**Records supplied:**

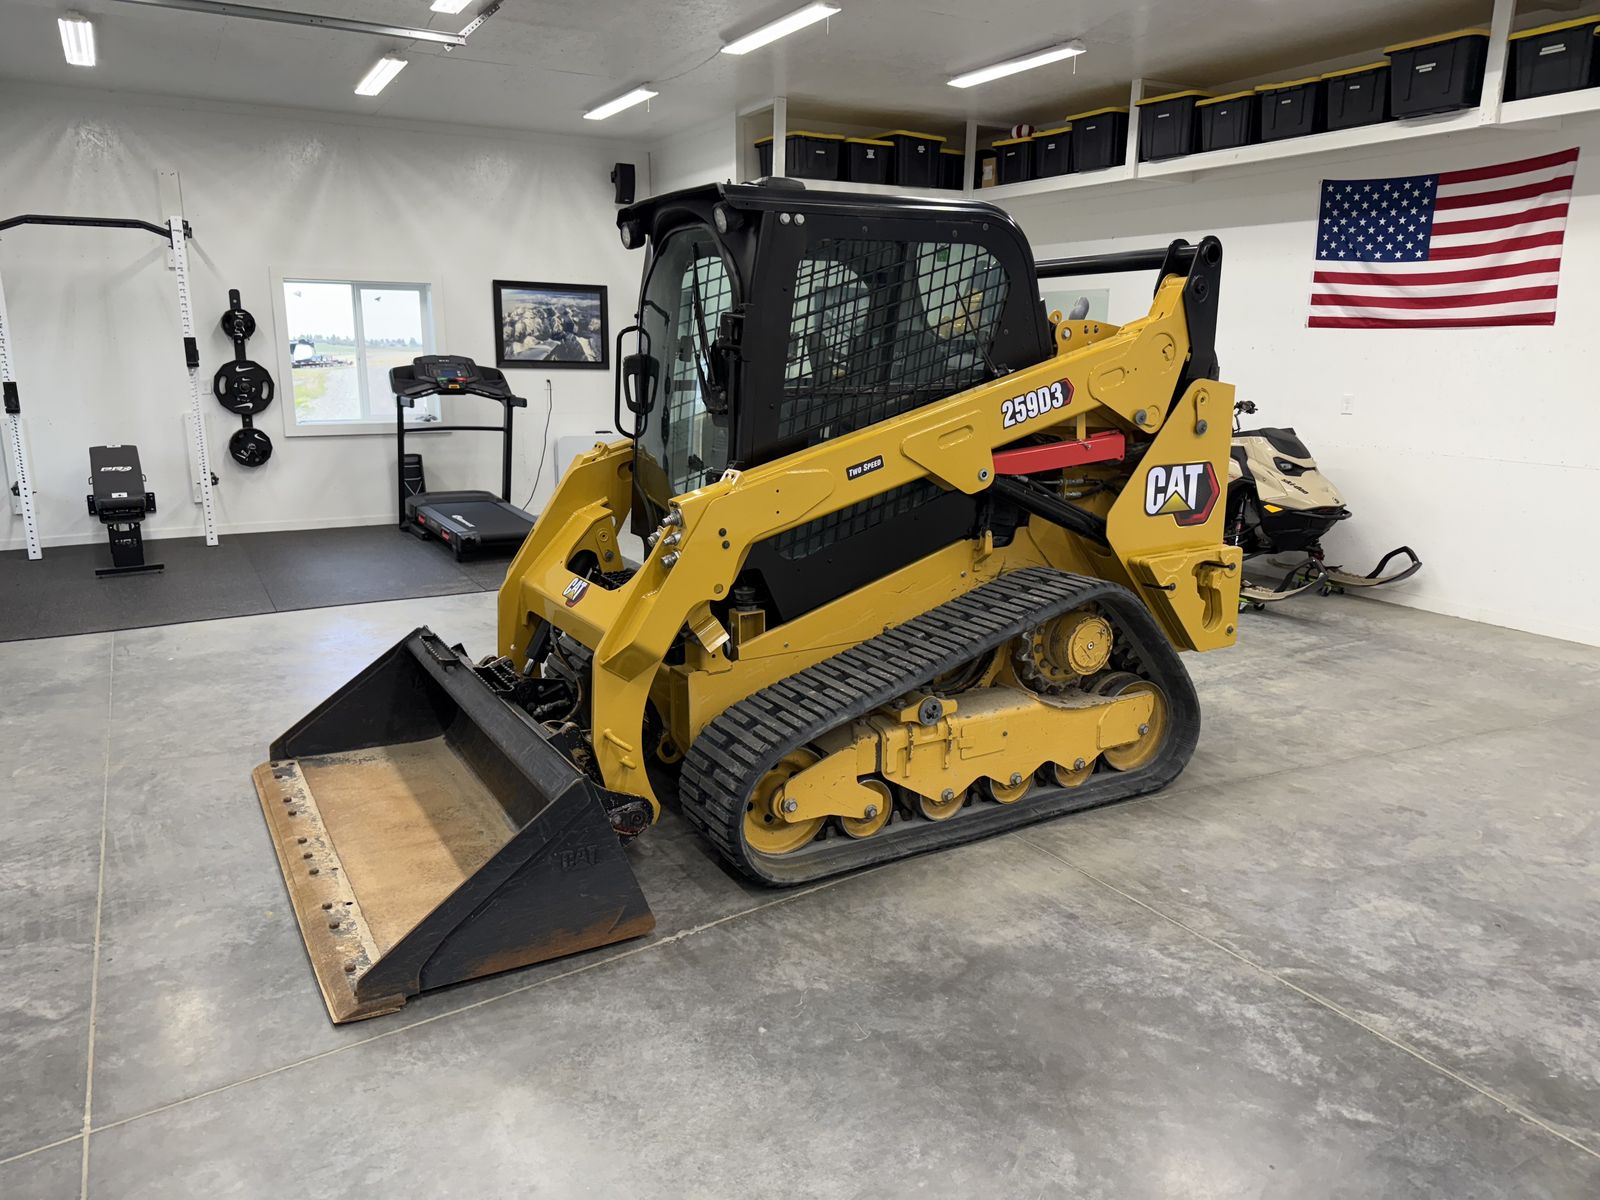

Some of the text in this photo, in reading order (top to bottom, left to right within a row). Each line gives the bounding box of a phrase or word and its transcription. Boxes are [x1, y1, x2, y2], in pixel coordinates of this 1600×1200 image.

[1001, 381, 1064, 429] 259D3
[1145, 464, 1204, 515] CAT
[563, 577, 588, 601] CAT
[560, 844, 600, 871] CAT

**What the exercise asks:**
Could you transcribe all of the data exactly and omit the pictures?

**Output for this exercise:**
Some of the text in this photo, in reading order (top to bottom, left to right within a row). Each line gives the bounding box of a phrase or word and its transcription. Boxes are [x1, y1, x2, y2], in pixel coordinates of this 1600×1200 image.

[1001, 381, 1064, 429] 259D3
[1145, 464, 1204, 515] CAT
[563, 577, 588, 601] CAT
[560, 844, 600, 871] CAT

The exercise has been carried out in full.